» Dataset records:
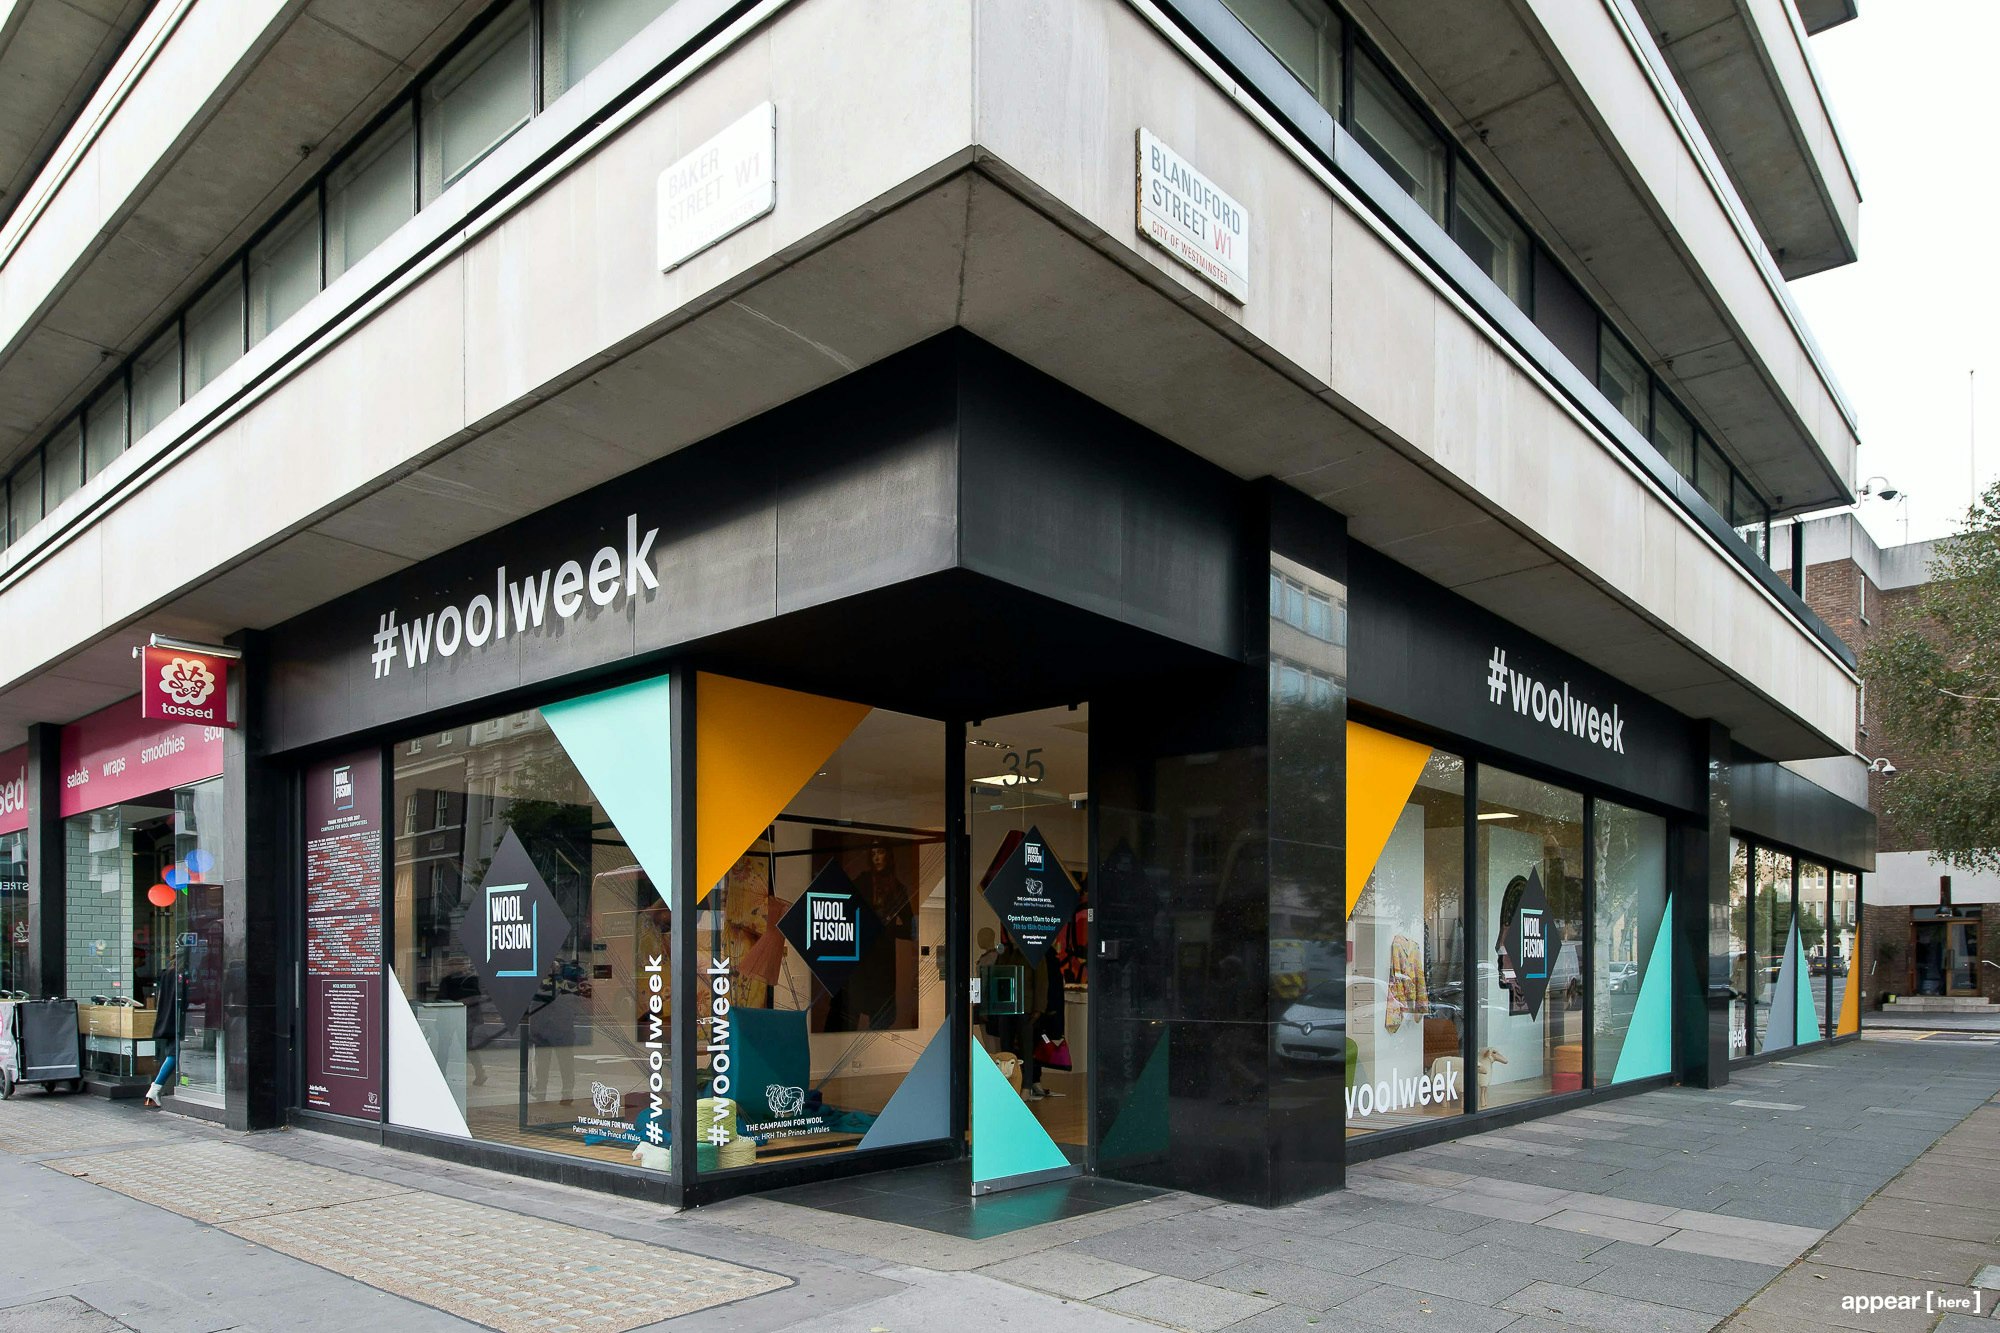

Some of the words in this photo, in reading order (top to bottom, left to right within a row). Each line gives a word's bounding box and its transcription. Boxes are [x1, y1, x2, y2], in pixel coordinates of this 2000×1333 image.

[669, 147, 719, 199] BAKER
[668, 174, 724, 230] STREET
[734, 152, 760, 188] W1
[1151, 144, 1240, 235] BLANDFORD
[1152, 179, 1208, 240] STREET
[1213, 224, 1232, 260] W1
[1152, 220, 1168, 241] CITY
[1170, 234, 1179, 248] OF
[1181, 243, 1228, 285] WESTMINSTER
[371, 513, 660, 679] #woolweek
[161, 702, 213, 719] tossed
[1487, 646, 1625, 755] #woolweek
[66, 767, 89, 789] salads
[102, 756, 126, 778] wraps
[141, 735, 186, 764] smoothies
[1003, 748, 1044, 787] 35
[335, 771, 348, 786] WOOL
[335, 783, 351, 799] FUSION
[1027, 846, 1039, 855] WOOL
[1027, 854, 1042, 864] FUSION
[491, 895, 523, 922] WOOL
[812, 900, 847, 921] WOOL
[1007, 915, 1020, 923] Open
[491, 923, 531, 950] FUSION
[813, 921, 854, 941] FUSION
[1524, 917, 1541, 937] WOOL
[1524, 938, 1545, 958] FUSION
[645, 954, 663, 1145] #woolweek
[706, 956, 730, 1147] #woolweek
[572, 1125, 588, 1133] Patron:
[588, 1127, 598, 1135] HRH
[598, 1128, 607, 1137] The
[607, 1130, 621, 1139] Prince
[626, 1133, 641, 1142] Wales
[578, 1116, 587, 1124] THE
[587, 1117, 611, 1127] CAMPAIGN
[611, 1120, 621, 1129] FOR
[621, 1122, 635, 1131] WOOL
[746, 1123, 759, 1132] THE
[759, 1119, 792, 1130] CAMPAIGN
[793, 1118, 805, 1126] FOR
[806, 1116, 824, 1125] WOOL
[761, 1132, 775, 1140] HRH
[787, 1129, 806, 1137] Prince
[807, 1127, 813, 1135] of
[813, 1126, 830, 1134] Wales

» Work instruction:
Pictures stay out; everything else in the records above gets copied exactly.

» Written response:
Some of the words in this photo, in reading order (top to bottom, left to right within a row). Each line gives a word's bounding box and its transcription. Boxes are [x1, y1, x2, y2], in pixel coordinates of this 2000×1333 image.

[669, 147, 719, 199] BAKER
[668, 174, 724, 230] STREET
[734, 152, 760, 188] W1
[1151, 144, 1240, 235] BLANDFORD
[1152, 179, 1208, 240] STREET
[1213, 224, 1232, 260] W1
[1152, 220, 1168, 241] CITY
[1170, 234, 1179, 248] OF
[1181, 243, 1228, 285] WESTMINSTER
[371, 513, 660, 679] #woolweek
[161, 702, 213, 719] tossed
[1487, 646, 1625, 755] #woolweek
[66, 767, 89, 789] salads
[102, 756, 126, 778] wraps
[141, 735, 186, 764] smoothies
[1003, 748, 1044, 787] 35
[335, 771, 348, 786] WOOL
[335, 783, 351, 799] FUSION
[1027, 846, 1039, 855] WOOL
[1027, 854, 1042, 864] FUSION
[491, 895, 523, 922] WOOL
[812, 900, 847, 921] WOOL
[1007, 915, 1020, 923] Open
[491, 923, 531, 950] FUSION
[813, 921, 854, 941] FUSION
[1524, 917, 1541, 937] WOOL
[1524, 938, 1545, 958] FUSION
[645, 954, 663, 1145] #woolweek
[706, 956, 730, 1147] #woolweek
[572, 1125, 588, 1133] Patron:
[588, 1127, 598, 1135] HRH
[598, 1128, 607, 1137] The
[607, 1130, 621, 1139] Prince
[626, 1133, 641, 1142] Wales
[578, 1116, 587, 1124] THE
[587, 1117, 611, 1127] CAMPAIGN
[611, 1120, 621, 1129] FOR
[621, 1122, 635, 1131] WOOL
[746, 1123, 759, 1132] THE
[759, 1119, 792, 1130] CAMPAIGN
[793, 1118, 805, 1126] FOR
[806, 1116, 824, 1125] WOOL
[761, 1132, 775, 1140] HRH
[787, 1129, 806, 1137] Prince
[807, 1127, 813, 1135] of
[813, 1126, 830, 1134] Wales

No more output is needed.